Die Berichte des Hamburger Abendblatt, 15.04.2006

Warum wir hinsehen müssen...

Warum interessiert sich das Hamburger Abendblatt mit seiner Berichterstattung so sehr für den Fall der alten Dame Thea Schädlich? Aufmerksam geworden sind wir durch den Verkauf eines ihr gehörenden Filetgrundstückes in der Gemeinde Kummerfeld durch einen ihrer Betreuer. Einen Verkauf, gegen den sich Frau Schädlich als staatlich Betreute vehement gewehrt hat. Tatsächlich steckt hinter der Sache aber eine ganz andere Dimension, die uns und, wie wir feststellen, unsere Leser nicht losläßt.

Es geht darum, ob Menschen, die psychiatrisch nach sachverständiger Beurteilung als krank gelten - und deswegen betreut werden -, einen letzten Rest von Individualität, einen letzten Rest von Würde behalten dürfen oder nicht.
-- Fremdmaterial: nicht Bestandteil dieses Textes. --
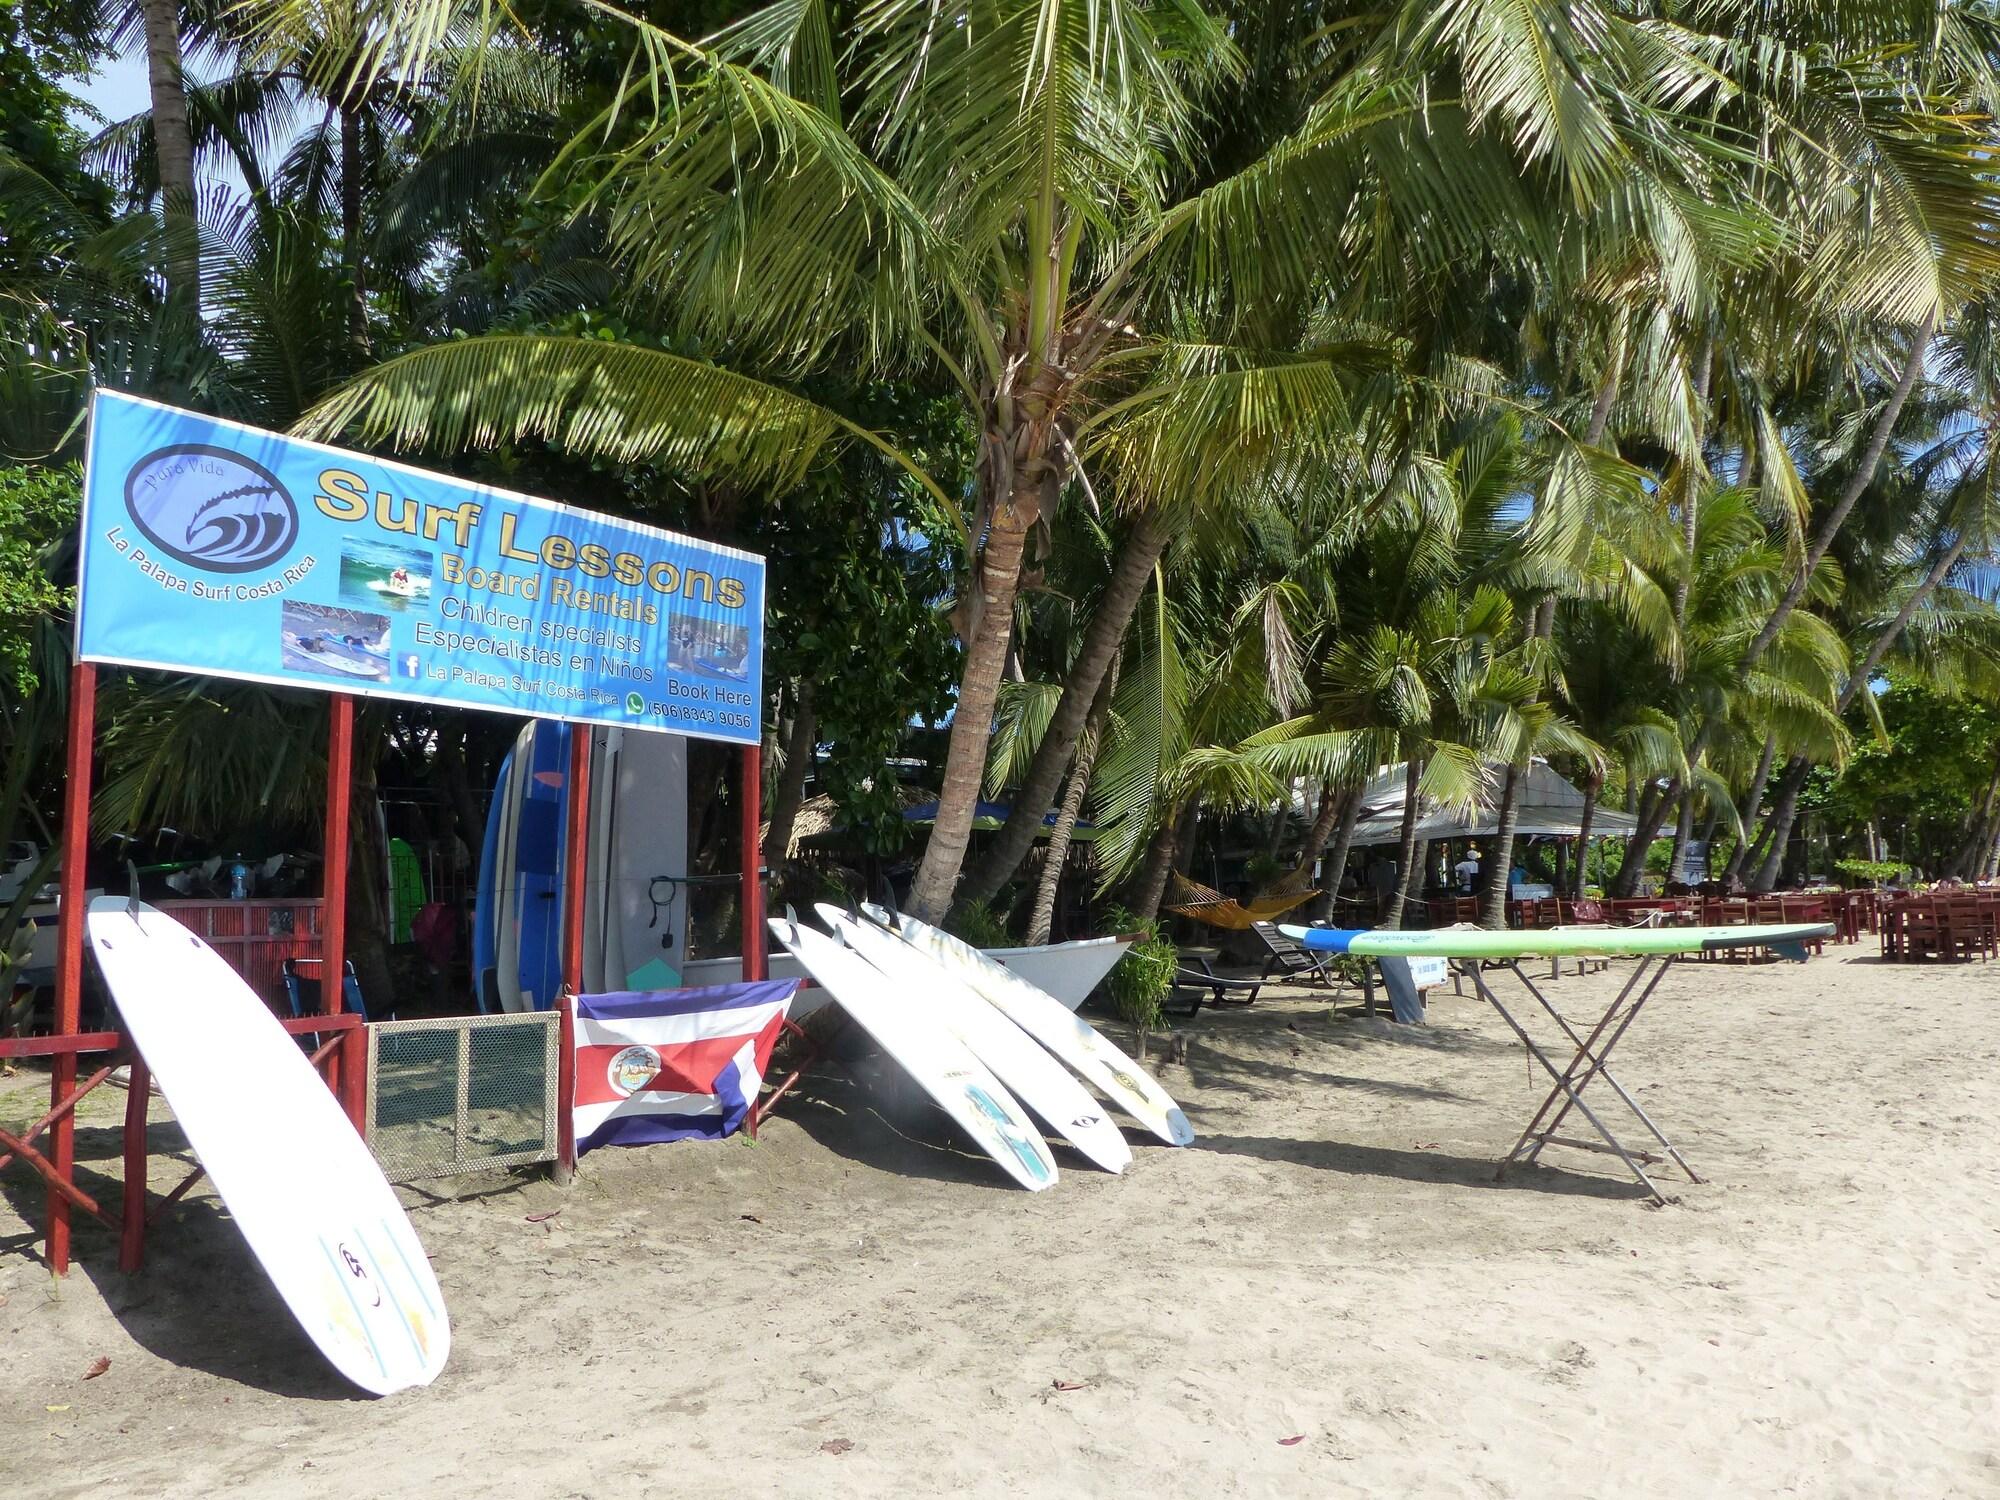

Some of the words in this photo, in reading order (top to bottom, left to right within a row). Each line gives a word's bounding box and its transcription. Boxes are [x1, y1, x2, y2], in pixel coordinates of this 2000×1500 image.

Zwar mögen sie rechtsgeschäftlich unzurechnungsfähig sein, aber muß dann nicht trotzdem ihrem geäußerten Willen, soweit das für ihre Umgebung zumutbar ist, Rechnung getragen werden? So hat es jedenfalls der Gesetzgeber gewollt.

Der Fall der alten Dame Thea Schädlich scheint uns aufzuzeigen, daß es in der täglichen Praxis zuweilen anders läuft. Oft werden Betreute in ihrem Willen nicht ernst genommen. Sie werden eingepaßt und eingepreßt wie in eine DIN-Norm. Dabei scheinen nicht nur die Betreuer, sondern auch die gerichtlichen Institutionen manchmal die Routine über die Umstände des Einzelfalls obsiegen zu lassen.

Wenn man sich zum Beispiel ansieht, daß, wie im Fall Thea Schädlich, als Verfahrenspfleger für die Betreute eine Anwältin aus dem Büro des Betreuers eingesetzt wurde, obwohl es die Aufgabe des Verfahrenspflegers sein soll, den Betreuer zu überwachen, dann kann es einem schon die Sprache verschlagen.

Wir wollen mit unserer Berichterstattung uns dafür einsetzen, daß noch mehr dem wirklichen Geist unserer Gesetze entsprochen wird. Und daß die Öffentlichkeit ein Auge darauf haben kann.